Opinion | Doctors Face a Stigma Against Seeking Mental Health Care

Dr. Glen Gabbard, a clinical professor of psychiatry at Baylor College of Medicine, has dedicated much of his career to treating physicians. He explained why his physician patients struggle to admit that they need care: “You’re supposed to know everything in a life-threatening crisis. There isn’t room for self-doubt,” he said.

Dr. Gabbard noted that one way doctors reach out for help is through a “curbside consult.” A friend can stop you in the hospital cafeteria and ask for a quick prescription for Prozac. Not only are doctors terrible patients, but we are often crunched for time and can give fellow physicians awful care, too. According to Dr. Gabbard, these consults can be rushed, and some psychiatrists are too quick to rely on their colleagues’ medical knowledge.

This all has helped create an underground market of sorts for physician mental health care. An often unspoken rule: If you must seek mental health care, do it quietly. Find a therapist outside your city who documents only the bare minimum in your chart, pay with cash only, don’t let it be billed to your insurance company. Make sure there’s no paper trail.

As we enter the third year of the pandemic and creep toward one million dead Americans, it’s time for American health care to recognize the toll on its doctors and what it owes. The past two years have been characterized by violent attacks against doctors, accompanied by even longer hours, sicker patients, limited hazard pay and family sacrifices. A survey conducted in the second half of 2020 found that around one-fifth of doctors were considering leaving their practice within two years.

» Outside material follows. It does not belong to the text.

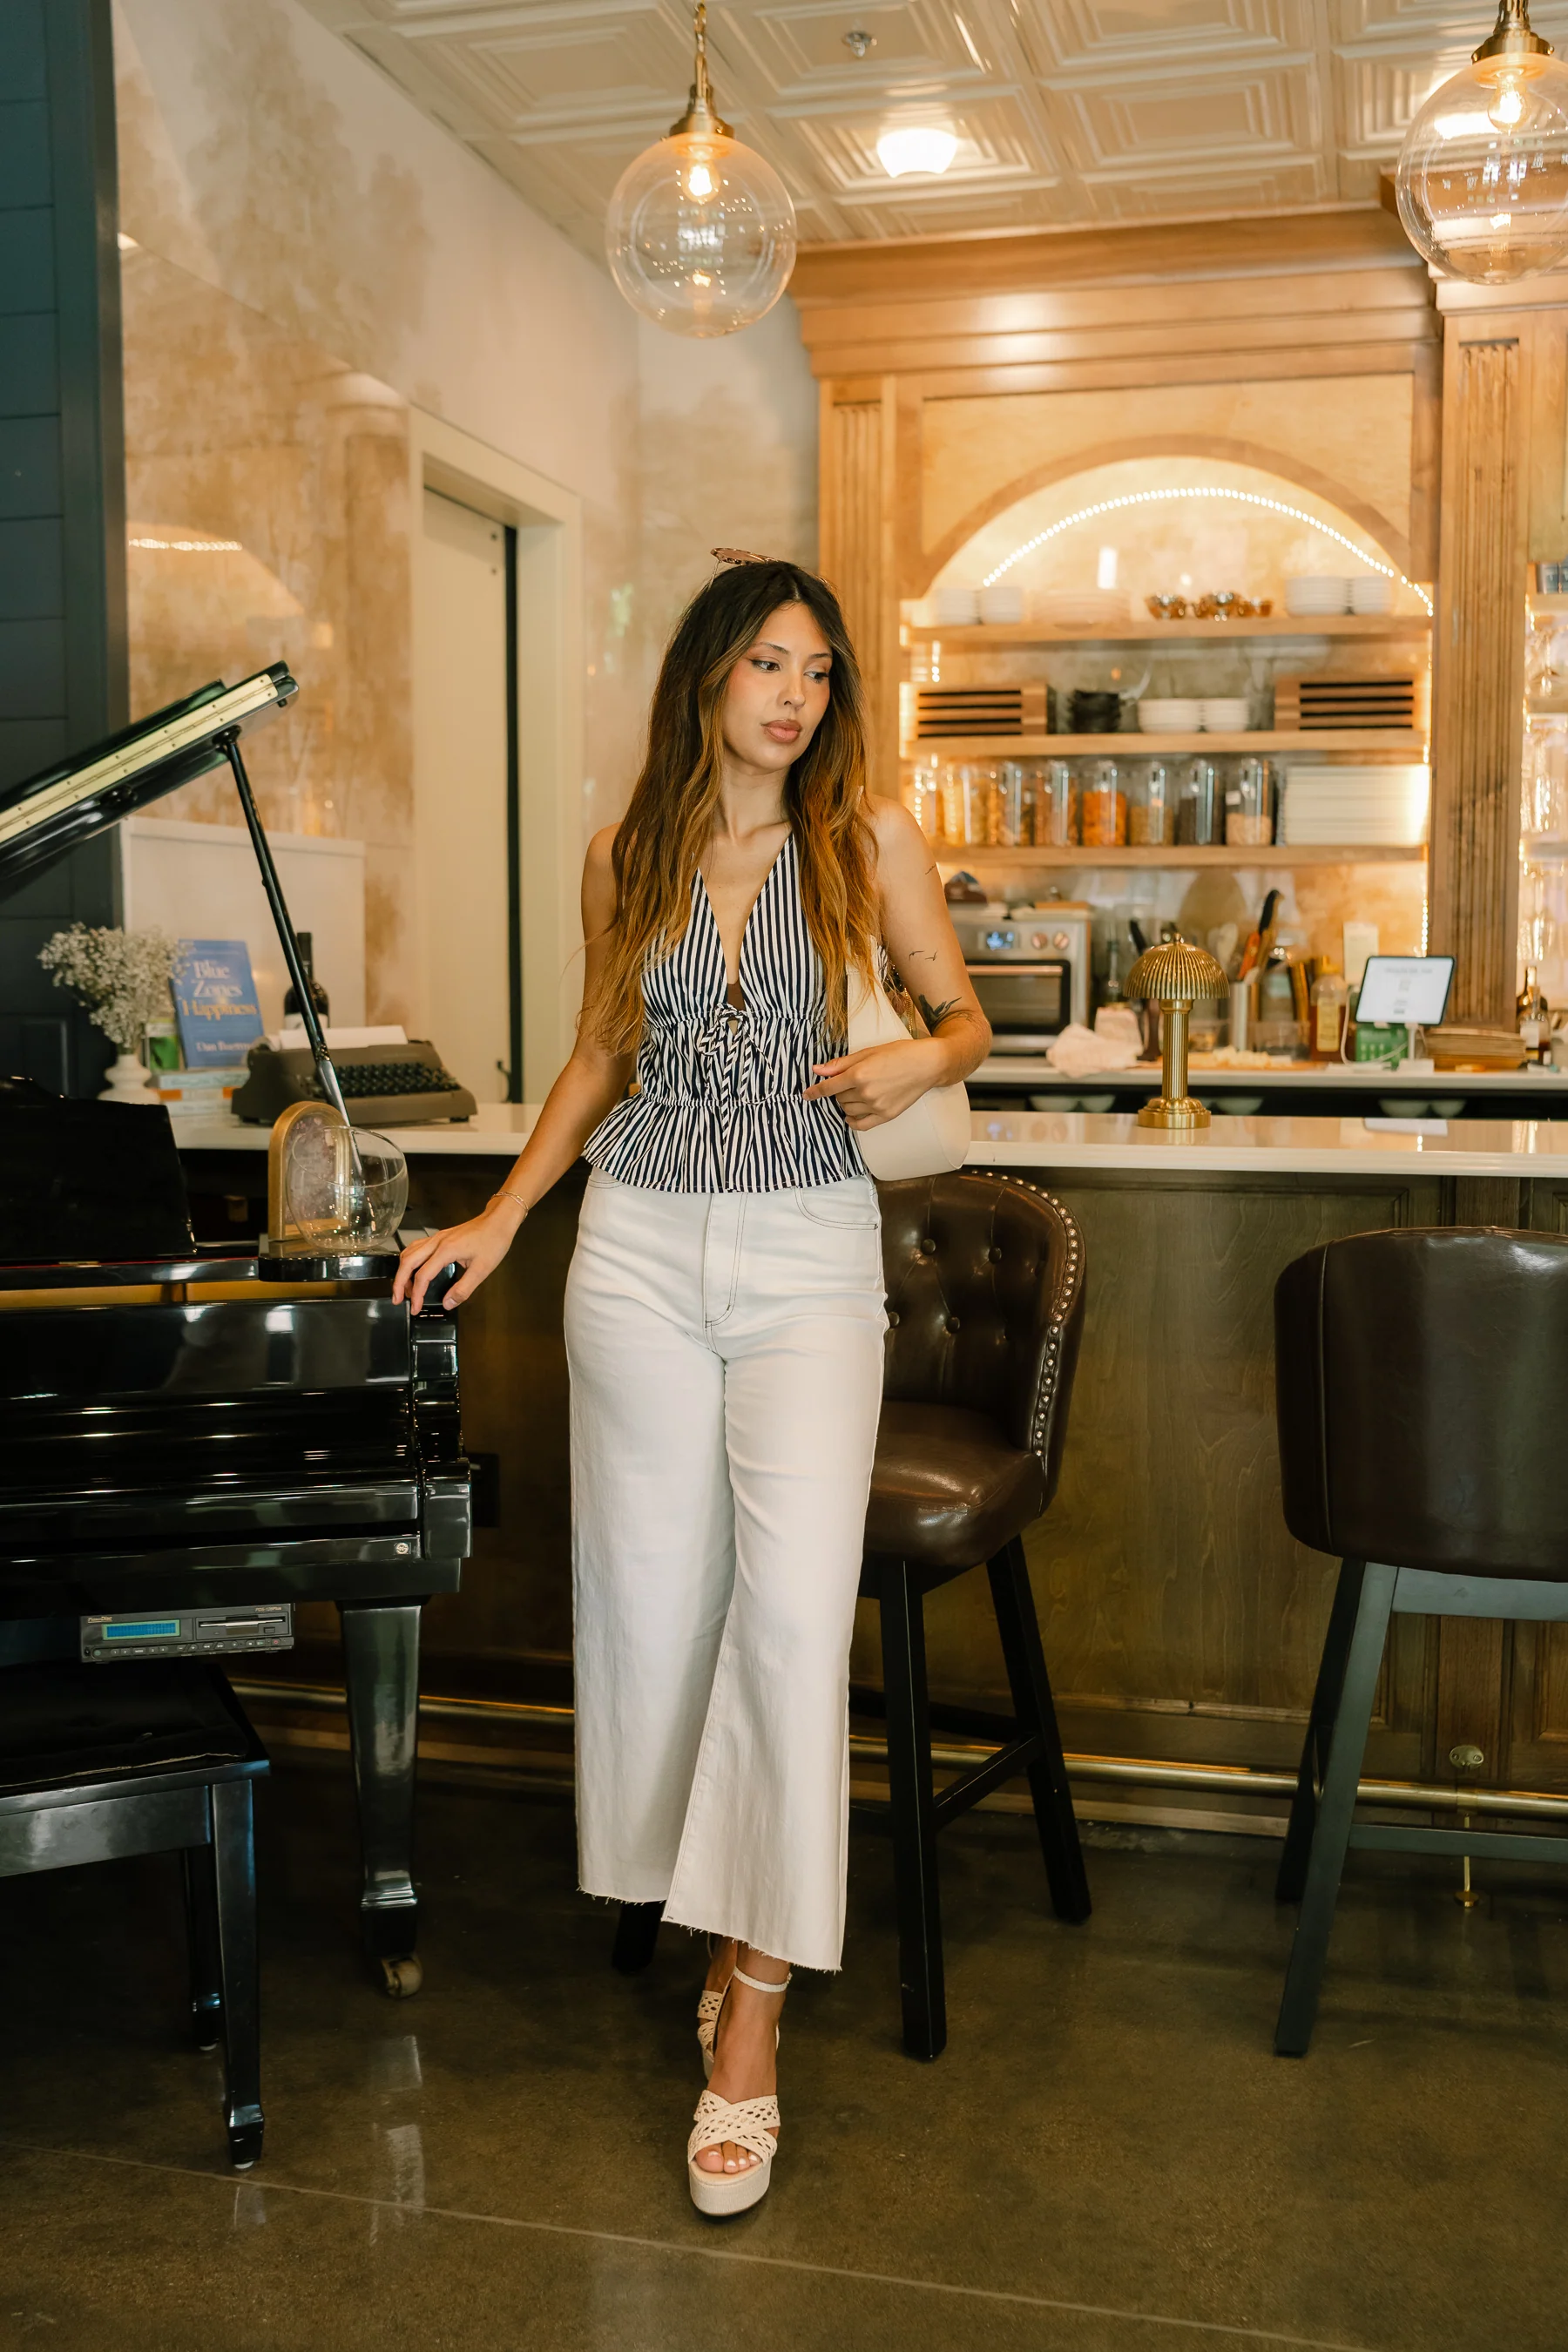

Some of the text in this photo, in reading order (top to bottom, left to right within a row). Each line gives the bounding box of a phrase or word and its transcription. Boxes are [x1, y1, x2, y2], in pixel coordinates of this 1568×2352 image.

[193, 960, 230, 978] Blue
[192, 980, 243, 997] Zones
[182, 999, 257, 1020] Happiness

Perhaps the saddest part is that the doctors we are often losing are the very ones we need: the gentle ones who you want holding your mother’s hand, the thoughtful, meticulous ones who call you on their day off.

The quickest and easiest remedy to this problem is to eliminate the questions about physician mental health from state licensing applications and hospital credentialing forms. This would require a fundamental shift in paradigm for the medical community. Other solutions include more physician time off, comprehensive parental leave policies and adequate hazard pay.

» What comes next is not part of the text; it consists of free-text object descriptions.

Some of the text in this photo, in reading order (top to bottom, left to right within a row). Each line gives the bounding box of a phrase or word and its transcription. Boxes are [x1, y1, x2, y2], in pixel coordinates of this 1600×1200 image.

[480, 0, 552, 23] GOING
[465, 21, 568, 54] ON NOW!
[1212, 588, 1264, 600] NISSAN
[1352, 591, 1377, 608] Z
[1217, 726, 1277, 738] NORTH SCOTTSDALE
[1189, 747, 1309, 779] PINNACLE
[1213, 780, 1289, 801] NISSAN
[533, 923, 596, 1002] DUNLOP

A former colleague has told me it is ill advised for me to even write this essay. I can feel my palms sweating as I type. But I’d rather be the doctor who confesses all instead of the one who buries the memories of dead children in bottles of bourbon or syringes of fentanyl. This essay is not brave; it is foolish but necessary. It is time we collectively agree that physicians are worthy of the same compassion we give our patients.

We, as doctors, bear witness to humanity’s ugliest and most glorious moments, so it is only natural that we are deeply moved and sometimes disturbed by it all. Acknowledging this vulnerability isn’t weakness. It makes me a better doctor. It is what allows me to hold a patient’s hand under the fluorescent lighting of a sterile hospital in the middle of the night or stroke the congealed blood out of an infant’s lock of hair.